(TASK ITEM):
All records are to be printed exactly as they appear.
--- RECORDS FOR THIS TASK Enclosed Below ---
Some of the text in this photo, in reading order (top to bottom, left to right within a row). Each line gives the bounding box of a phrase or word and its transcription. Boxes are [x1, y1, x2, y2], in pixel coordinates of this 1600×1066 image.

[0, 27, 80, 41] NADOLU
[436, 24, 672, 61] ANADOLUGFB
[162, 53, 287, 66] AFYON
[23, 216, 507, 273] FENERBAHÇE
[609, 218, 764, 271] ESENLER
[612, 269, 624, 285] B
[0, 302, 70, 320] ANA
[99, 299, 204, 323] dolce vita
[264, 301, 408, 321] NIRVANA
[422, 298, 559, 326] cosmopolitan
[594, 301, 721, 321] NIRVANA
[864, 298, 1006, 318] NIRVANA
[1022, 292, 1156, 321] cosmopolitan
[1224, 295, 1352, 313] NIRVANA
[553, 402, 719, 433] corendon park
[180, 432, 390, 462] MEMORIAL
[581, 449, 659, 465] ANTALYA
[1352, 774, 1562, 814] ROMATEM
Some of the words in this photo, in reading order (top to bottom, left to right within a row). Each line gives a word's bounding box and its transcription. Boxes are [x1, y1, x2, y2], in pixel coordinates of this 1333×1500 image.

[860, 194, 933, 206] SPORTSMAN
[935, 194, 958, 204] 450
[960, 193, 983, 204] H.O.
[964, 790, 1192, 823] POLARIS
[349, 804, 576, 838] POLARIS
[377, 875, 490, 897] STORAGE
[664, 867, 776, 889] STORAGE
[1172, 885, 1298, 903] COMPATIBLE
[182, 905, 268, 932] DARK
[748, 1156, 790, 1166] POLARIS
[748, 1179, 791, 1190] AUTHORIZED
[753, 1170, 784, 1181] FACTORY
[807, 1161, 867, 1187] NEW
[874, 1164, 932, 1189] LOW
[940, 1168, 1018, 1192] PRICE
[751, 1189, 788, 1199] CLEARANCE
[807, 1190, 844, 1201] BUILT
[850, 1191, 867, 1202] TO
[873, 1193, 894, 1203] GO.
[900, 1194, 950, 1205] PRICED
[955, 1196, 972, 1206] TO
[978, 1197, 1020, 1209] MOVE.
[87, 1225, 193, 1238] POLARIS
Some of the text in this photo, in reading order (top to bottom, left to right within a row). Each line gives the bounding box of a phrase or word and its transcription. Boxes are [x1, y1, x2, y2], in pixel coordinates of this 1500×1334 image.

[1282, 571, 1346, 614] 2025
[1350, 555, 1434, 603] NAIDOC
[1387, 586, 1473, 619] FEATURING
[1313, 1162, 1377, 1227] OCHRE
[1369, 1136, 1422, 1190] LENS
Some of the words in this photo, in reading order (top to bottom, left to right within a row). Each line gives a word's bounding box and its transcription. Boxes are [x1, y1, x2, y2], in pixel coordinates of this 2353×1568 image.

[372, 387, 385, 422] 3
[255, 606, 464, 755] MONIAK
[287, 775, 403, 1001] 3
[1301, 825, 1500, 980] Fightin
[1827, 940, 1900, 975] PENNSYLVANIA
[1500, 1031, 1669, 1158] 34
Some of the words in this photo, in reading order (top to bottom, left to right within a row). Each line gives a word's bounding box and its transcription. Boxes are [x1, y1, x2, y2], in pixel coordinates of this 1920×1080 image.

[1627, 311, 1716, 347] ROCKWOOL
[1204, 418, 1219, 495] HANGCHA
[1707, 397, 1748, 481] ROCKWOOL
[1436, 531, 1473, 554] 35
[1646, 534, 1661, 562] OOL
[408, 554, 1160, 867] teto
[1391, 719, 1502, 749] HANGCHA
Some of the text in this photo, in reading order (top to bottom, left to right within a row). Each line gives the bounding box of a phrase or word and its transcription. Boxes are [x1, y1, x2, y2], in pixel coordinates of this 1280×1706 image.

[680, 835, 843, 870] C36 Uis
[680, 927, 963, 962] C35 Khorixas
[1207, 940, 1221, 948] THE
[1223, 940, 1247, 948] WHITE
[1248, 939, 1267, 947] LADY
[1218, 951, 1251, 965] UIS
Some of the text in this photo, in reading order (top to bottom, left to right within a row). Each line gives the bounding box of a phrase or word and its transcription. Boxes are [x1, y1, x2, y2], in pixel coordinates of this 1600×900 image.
--- End of Enclosed RECORDS FOR THIS TASK ---
(TASK SOLUTION):
Some of the text in this photo, in reading order (top to bottom, left to right within a row). Each line gives the bounding box of a phrase or word and its transcription. Boxes are [x1, y1, x2, y2], in pixel coordinates of this 1600×1066 image.

[0, 27, 80, 41] NADOLU
[436, 24, 672, 61] ANADOLUGFB
[162, 53, 287, 66] AFYON
[23, 216, 507, 273] FENERBAHÇE
[609, 218, 764, 271] ESENLER
[612, 269, 624, 285] B
[0, 302, 70, 320] ANA
[99, 299, 204, 323] dolce vita
[264, 301, 408, 321] NIRVANA
[422, 298, 559, 326] cosmopolitan
[594, 301, 721, 321] NIRVANA
[864, 298, 1006, 318] NIRVANA
[1022, 292, 1156, 321] cosmopolitan
[1224, 295, 1352, 313] NIRVANA
[553, 402, 719, 433] corendon park
[180, 432, 390, 462] MEMORIAL
[581, 449, 659, 465] ANTALYA
[1352, 774, 1562, 814] ROMATEM
Some of the words in this photo, in reading order (top to bottom, left to right within a row). Each line gives a word's bounding box and its transcription. Boxes are [x1, y1, x2, y2], in pixel coordinates of this 1333×1500 image.

[860, 194, 933, 206] SPORTSMAN
[935, 194, 958, 204] 450
[960, 193, 983, 204] H.O.
[964, 790, 1192, 823] POLARIS
[349, 804, 576, 838] POLARIS
[377, 875, 490, 897] STORAGE
[664, 867, 776, 889] STORAGE
[1172, 885, 1298, 903] COMPATIBLE
[182, 905, 268, 932] DARK
[748, 1156, 790, 1166] POLARIS
[748, 1179, 791, 1190] AUTHORIZED
[753, 1170, 784, 1181] FACTORY
[807, 1161, 867, 1187] NEW
[874, 1164, 932, 1189] LOW
[940, 1168, 1018, 1192] PRICE
[751, 1189, 788, 1199] CLEARANCE
[807, 1190, 844, 1201] BUILT
[850, 1191, 867, 1202] TO
[873, 1193, 894, 1203] GO.
[900, 1194, 950, 1205] PRICED
[955, 1196, 972, 1206] TO
[978, 1197, 1020, 1209] MOVE.
[87, 1225, 193, 1238] POLARIS
Some of the text in this photo, in reading order (top to bottom, left to right within a row). Each line gives the bounding box of a phrase or word and its transcription. Boxes are [x1, y1, x2, y2], in pixel coordinates of this 1500×1334 image.

[1282, 571, 1346, 614] 2025
[1350, 555, 1434, 603] NAIDOC
[1387, 586, 1473, 619] FEATURING
[1313, 1162, 1377, 1227] OCHRE
[1369, 1136, 1422, 1190] LENS
Some of the words in this photo, in reading order (top to bottom, left to right within a row). Each line gives a word's bounding box and its transcription. Boxes are [x1, y1, x2, y2], in pixel coordinates of this 2353×1568 image.

[372, 387, 385, 422] 3
[255, 606, 464, 755] MONIAK
[287, 775, 403, 1001] 3
[1301, 825, 1500, 980] Fightin
[1827, 940, 1900, 975] PENNSYLVANIA
[1500, 1031, 1669, 1158] 34
Some of the words in this photo, in reading order (top to bottom, left to right within a row). Each line gives a word's bounding box and its transcription. Boxes are [x1, y1, x2, y2], in pixel coordinates of this 1920×1080 image.

[1627, 311, 1716, 347] ROCKWOOL
[1204, 418, 1219, 495] HANGCHA
[1707, 397, 1748, 481] ROCKWOOL
[1436, 531, 1473, 554] 35
[1646, 534, 1661, 562] OOL
[408, 554, 1160, 867] teto
[1391, 719, 1502, 749] HANGCHA
Some of the text in this photo, in reading order (top to bottom, left to right within a row). Each line gives the bounding box of a phrase or word and its transcription. Boxes are [x1, y1, x2, y2], in pixel coordinates of this 1280×1706 image.

[680, 835, 843, 870] C36 Uis
[680, 927, 963, 962] C35 Khorixas
[1207, 940, 1221, 948] THE
[1223, 940, 1247, 948] WHITE
[1248, 939, 1267, 947] LADY
[1218, 951, 1251, 965] UIS
Some of the text in this photo, in reading order (top to bottom, left to right within a row). Each line gives the bounding box of a phrase or word and its transcription. Boxes are [x1, y1, x2, y2], in pixel coordinates of this 1600×900 image.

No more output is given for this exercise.